▸ **Data provided**:

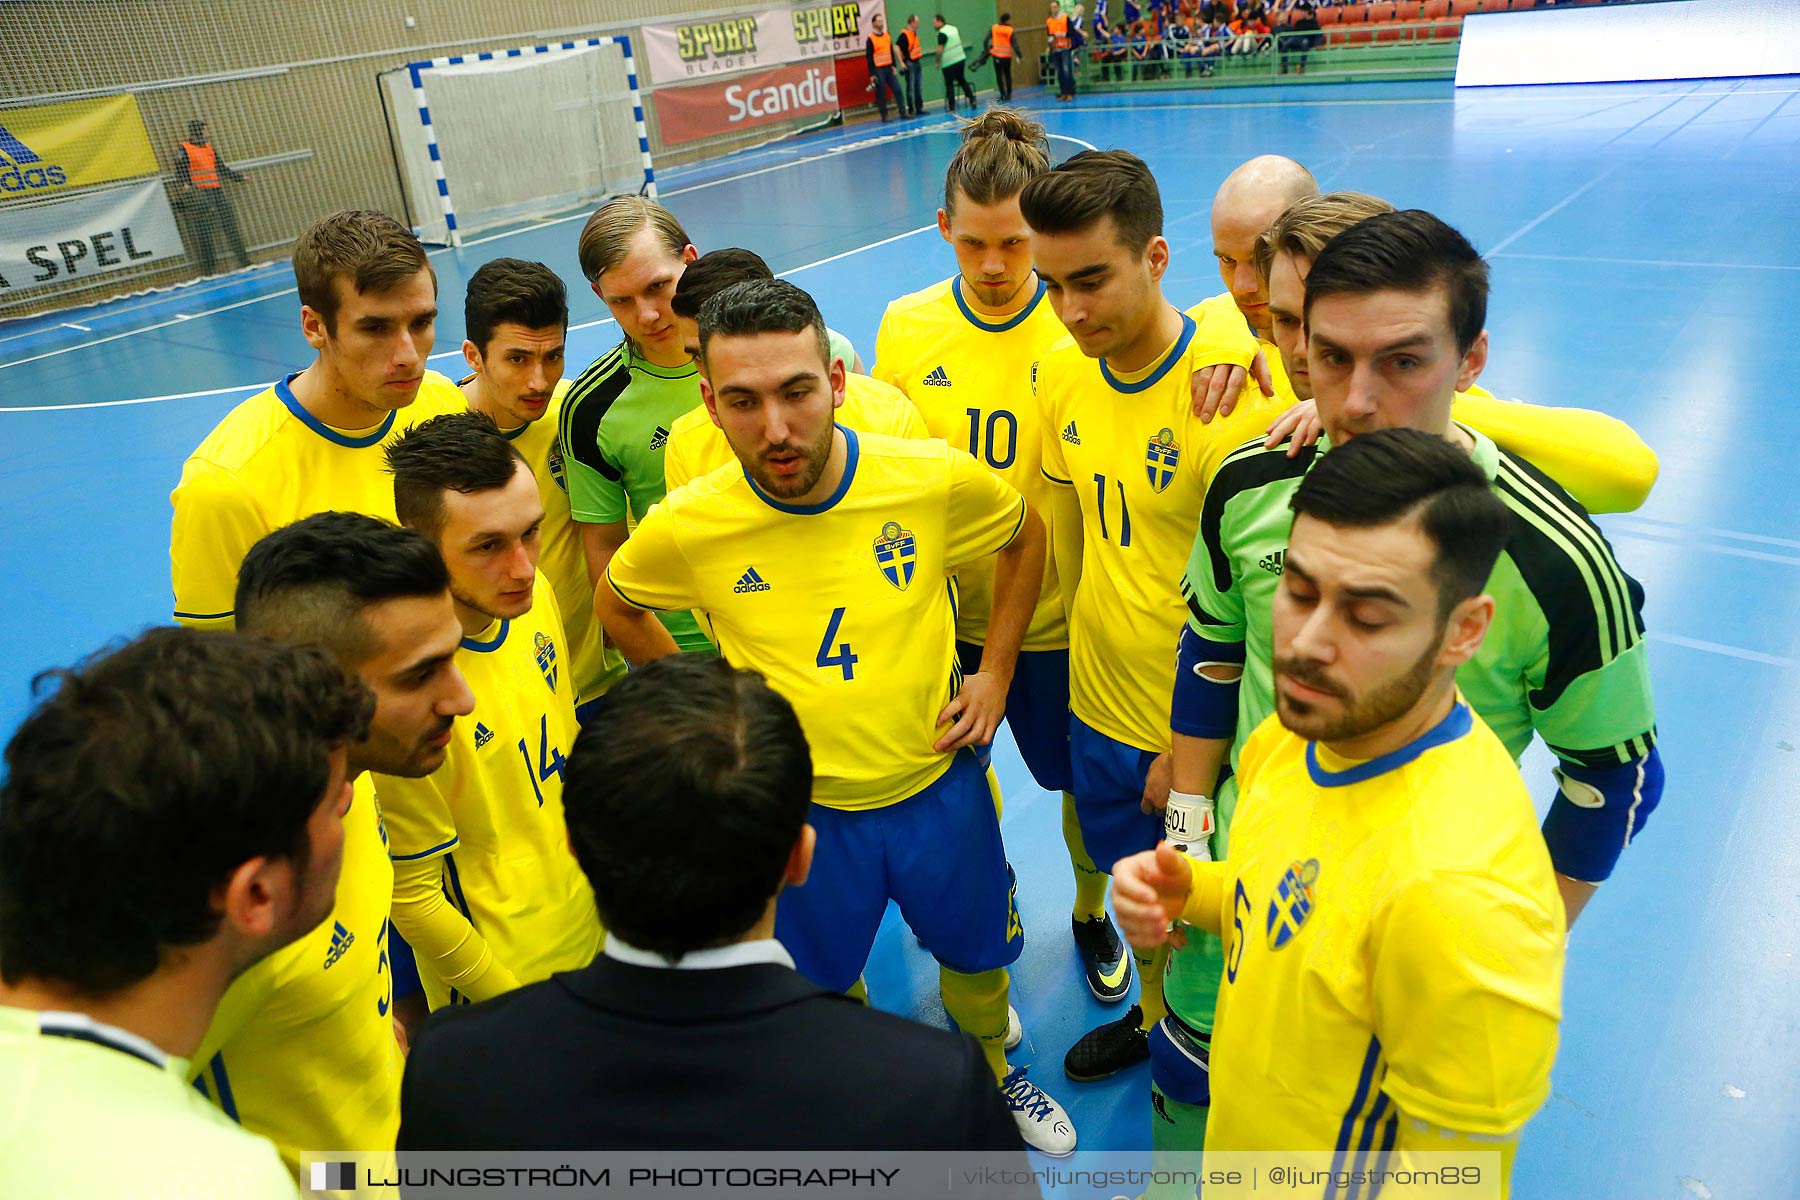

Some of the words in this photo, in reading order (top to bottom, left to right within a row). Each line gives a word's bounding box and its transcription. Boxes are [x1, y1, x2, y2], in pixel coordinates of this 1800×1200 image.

[676, 16, 758, 62] SPORT
[792, 3, 861, 43] SPORT
[686, 54, 758, 76] BLADET
[800, 38, 861, 56] BLADET
[725, 69, 837, 122] Scandic
[0, 165, 67, 193] das
[26, 227, 153, 282] SPEL
[923, 376, 952, 387] adidas
[966, 408, 1018, 469] 10
[1062, 433, 1081, 446] adidas
[1094, 473, 1131, 547] 11
[733, 582, 771, 594] adidas
[816, 607, 858, 681] 4
[518, 713, 567, 808] 14
[323, 932, 355, 970] adidas
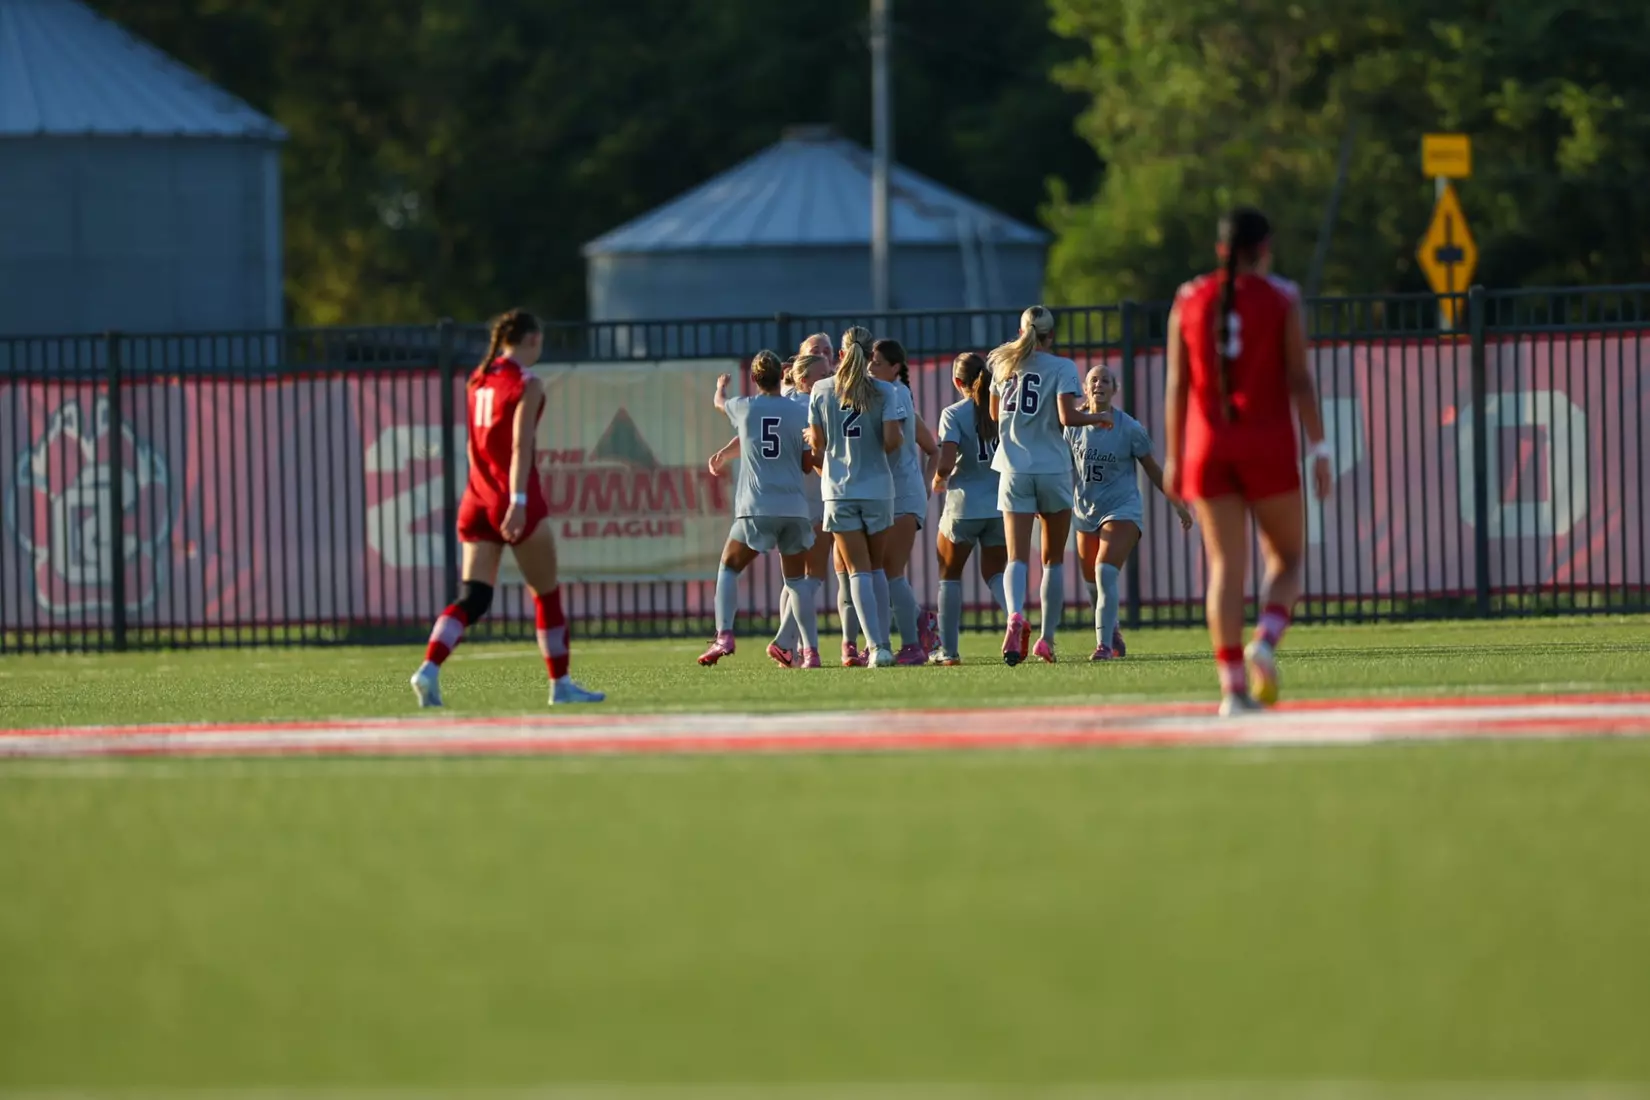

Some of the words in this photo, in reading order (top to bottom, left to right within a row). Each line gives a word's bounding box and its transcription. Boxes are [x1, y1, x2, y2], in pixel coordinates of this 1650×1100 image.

[475, 387, 495, 428] 11
[1000, 369, 1042, 416] 26
[761, 416, 781, 460] 5
[839, 403, 863, 439] 2
[537, 450, 585, 464] THE
[1085, 464, 1104, 483] 15
[541, 468, 732, 513] UMMIT
[562, 520, 684, 540] LEAGUE
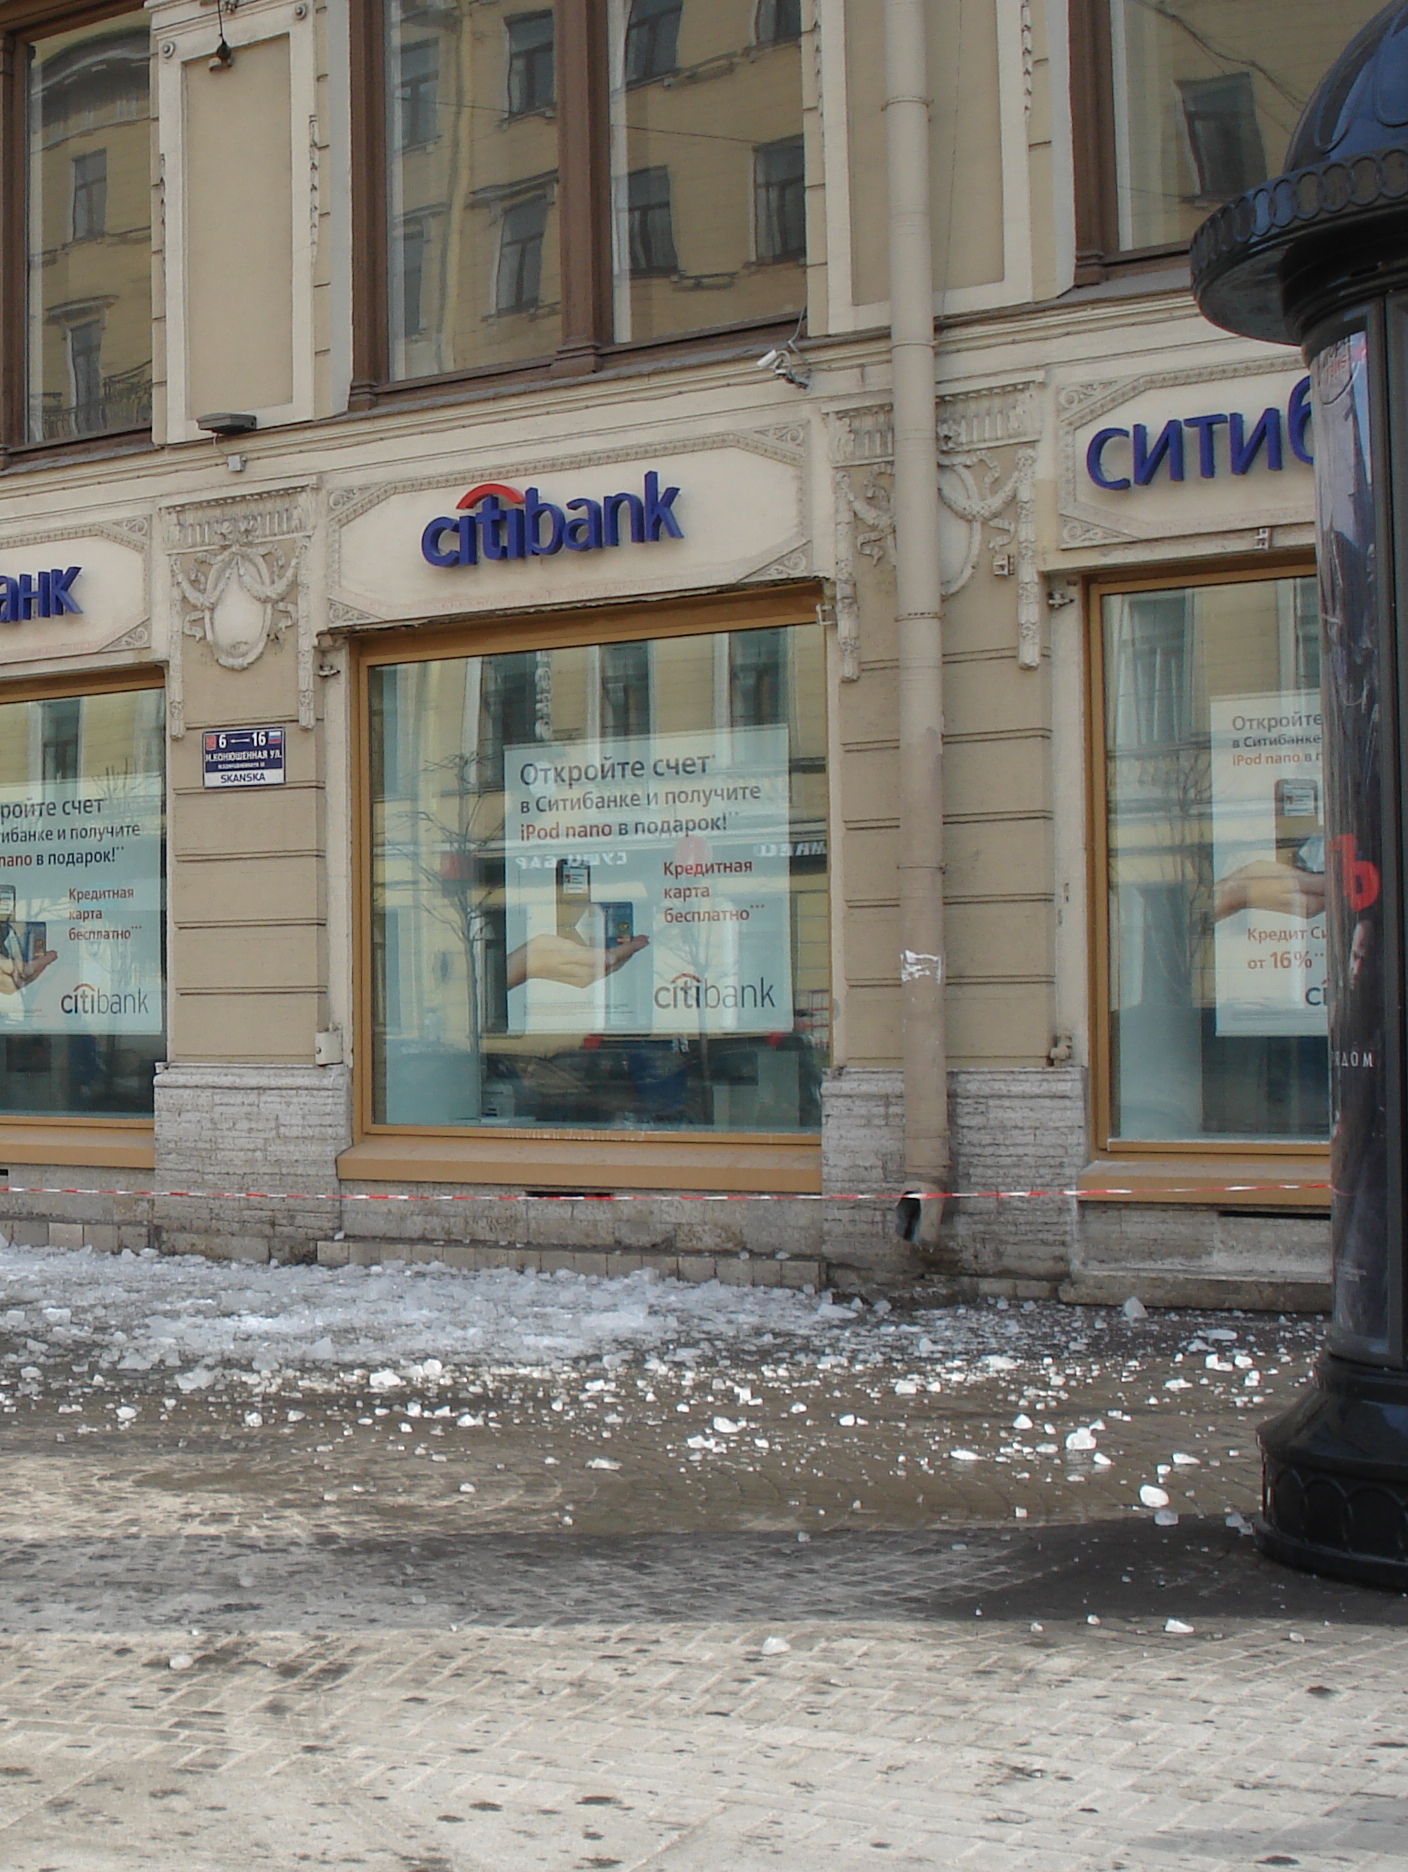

▸ **Task prompt**:
Copy out all the data exactly. The images should not appear in the copy.

▸ **Answer to this problem**:
Some of the words in this photo, in reading order (top to bottom, left to right within a row). Each line gives a word's bounding box and its transcription. Boxes are [x1, y1, x2, y2], in pixel coordinates of this 1800×1200 image.

[676, 16, 758, 62] SPORT
[792, 3, 861, 43] SPORT
[686, 54, 758, 76] BLADET
[800, 38, 861, 56] BLADET
[725, 69, 837, 122] Scandic
[0, 165, 67, 193] das
[26, 227, 153, 282] SPEL
[923, 376, 952, 387] adidas
[966, 408, 1018, 469] 10
[1062, 433, 1081, 446] adidas
[1094, 473, 1131, 547] 11
[733, 582, 771, 594] adidas
[816, 607, 858, 681] 4
[518, 713, 567, 808] 14
[323, 932, 355, 970] adidas

Some of the words in this photo, in reading order (top to bottom, left to right within a row). Each line gives a word's bounding box and its transcription. Boxes are [x1, y1, x2, y2], in pixel coordinates of this 1650×1100 image.

[475, 387, 495, 428] 11
[1000, 369, 1042, 416] 26
[761, 416, 781, 460] 5
[839, 403, 863, 439] 2
[537, 450, 585, 464] THE
[1085, 464, 1104, 483] 15
[541, 468, 732, 513] UMMIT
[562, 520, 684, 540] LEAGUE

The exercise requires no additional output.